On Wed, Jan 14, 2026 at 04:46:04PM -0800, Christoph Lameter (Ampere) wrote: > On Sat, 10 Jan 2026, Al Viro wrote: > > > 1) as it is, struct kmem_cache is opaque for anything outside of a few > > files in mm/*; that avoids serious headache with header dependencies, > > etc., and it's not something we want to lose. Solution: struct > > kmem_cache_opaque, with the size and alignment identical to struct > > kmem_cache. Calculation of size and alignment can be done via the same > > mechanism we use for asm-offsets.h and rq-offsets.h, with build-time > > check for mismatches. With that done, we get an opaque type defined in > > linux/slab-static.h that can be used for declaring those caches. > > In linux/slab.h we add a forward declaration of kmem_cache_opaque + > > helper (to_kmem_cache()) converting a pointer to kmem_cache_opaque > > into pointer to kmem_cache. > > Hmmm. A new kernel infrastructure feature: Opaque objects > > Would that an deserve a separate abstraction so it is usable by other > subsystems? *shrug* Probably could be done, but I don't see many applications for that. Note that in this case objects are either of "never destroyed at all" sort or "never destroyed until rmmod" one, and the latter already requires a pretty careful handling. If it's dynamically allocated, we have much more straightforward mechanisms - see e.g. struct mount vs. struct vfsmount, where most of the containing object is opaque for everyone outside of several files in fs/*.c and the public part is embedded into it. I'm not saying that no other similar cases exist, but until somebody comes up with other examples...
On Thu, 15 Jan 2026, Al Viro wrote:
> > Would that an deserve a separate abstraction so it is usable by other
> > subsystems?
>
> *shrug*
>
> Probably could be done, but I don't see many applications for that.
> Note that in this case objects are either of "never destroyed at all"
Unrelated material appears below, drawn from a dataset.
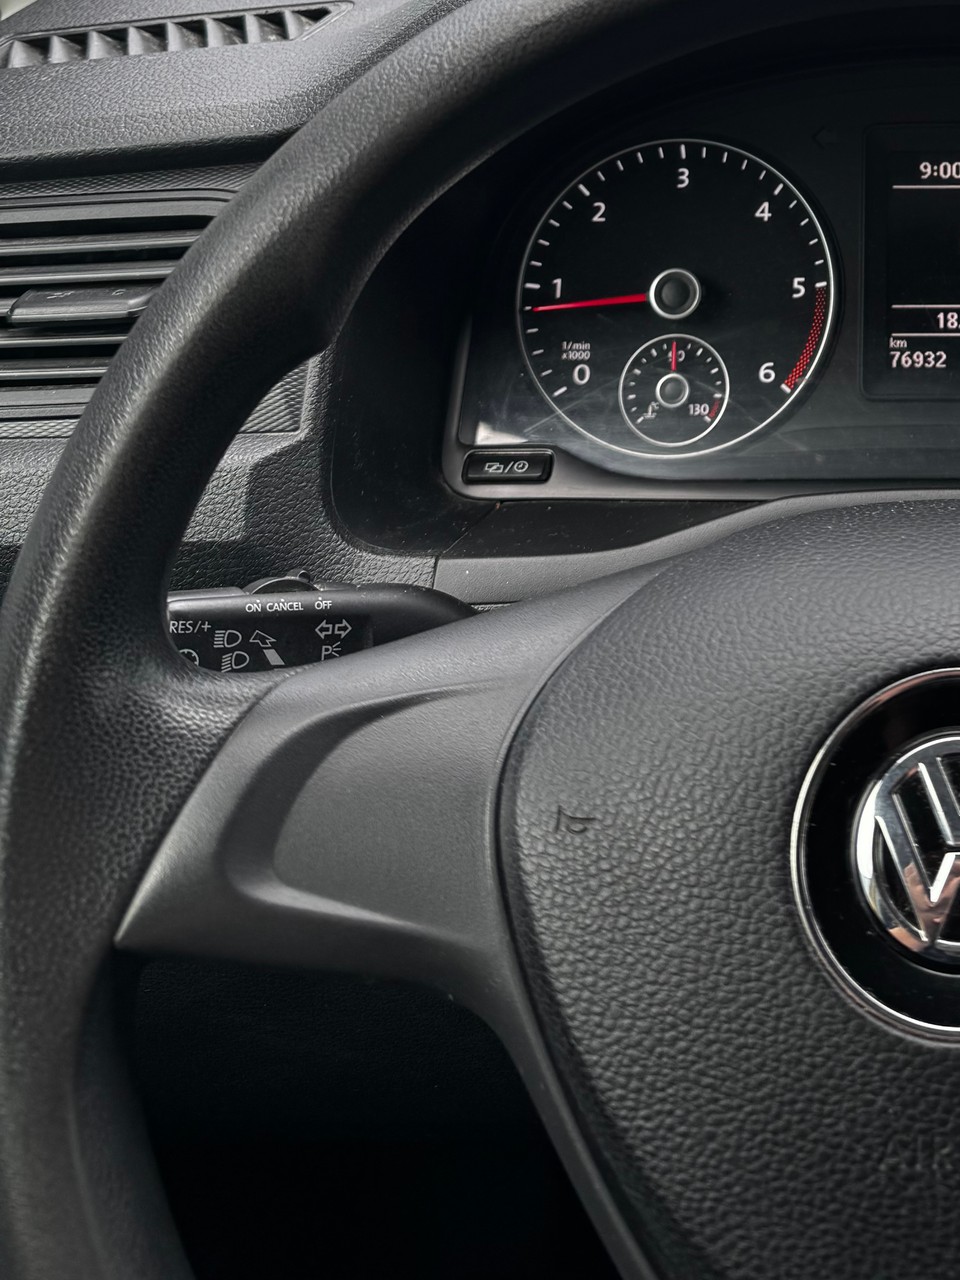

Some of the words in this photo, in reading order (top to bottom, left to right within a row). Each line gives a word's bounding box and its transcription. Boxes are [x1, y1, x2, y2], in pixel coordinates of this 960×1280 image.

> sort or "never destroyed until rmmod" one, and the latter already
> requires a pretty careful handling.
>
> If it's dynamically allocated, we have much more straightforward
> mechanisms - see e.g. struct mount vs. struct vfsmount, where most
> of the containing object is opaque for everyone outside of several
> files in fs/*.c and the public part is embedded into it.
>
> I'm not saying that no other similar cases exist, but until somebody
> comes up with other examples...
Internal functions exist in the slab allocator that do what you want if
the opaqueness requirement is dropped. F.e. for the creation of kmalloc
caches we use do_kmem_cache_create():
void __init create_boot_cache(struct kmem_cache *s, const char *name,
unsigned int size, slab_flags_t flags,
unsigned int useroffset, unsigned int usersize)
{
int err;
unsigned int align = ARCH_KMALLOC_MINALIGN;
struct kmem_cache_args kmem_args = {};
/*
* kmalloc caches guarantee alignment of at least the largest
* power-of-two divisor of the size. For power-of-two sizes,
* it is the size itself.
*/
if (flags & SLAB_KMALLOC)
align = max(align, 1U << (ffs(size) - 1));
kmem_args.align = calculate_alignment(flags, align, size);
#ifdef CONFIG_HARDENED_USERCOPY
kmem_args.useroffset = useroffset;
kmem_args.usersize = usersize;
#endif
err = do_kmem_cache_create(s, name, size, &kmem_args, flags);
if (err)
panic("Creation of kmalloc slab %s size=%u failed. Reason %d\n",
name, size, err);
s->refcount = -1; /* Exempt from merging for now */
}
On Thu, Jan 15, 2026 at 11:10:00AM -0800, Christoph Lameter (Ampere) wrote: > Internal functions exist in the slab allocator that do what you want if > the opaqueness requirement is dropped. F.e. for the creation of kmalloc > caches we use do_kmem_cache_create(): Yes, I know. Do you really want to expose e.g. slab_caches and slab_mutex to the rest of the kernel? Surgery needed to have __kmem_cache_create() do everything is not large - see the mm/slab_common.c parts in the first two commits in this series.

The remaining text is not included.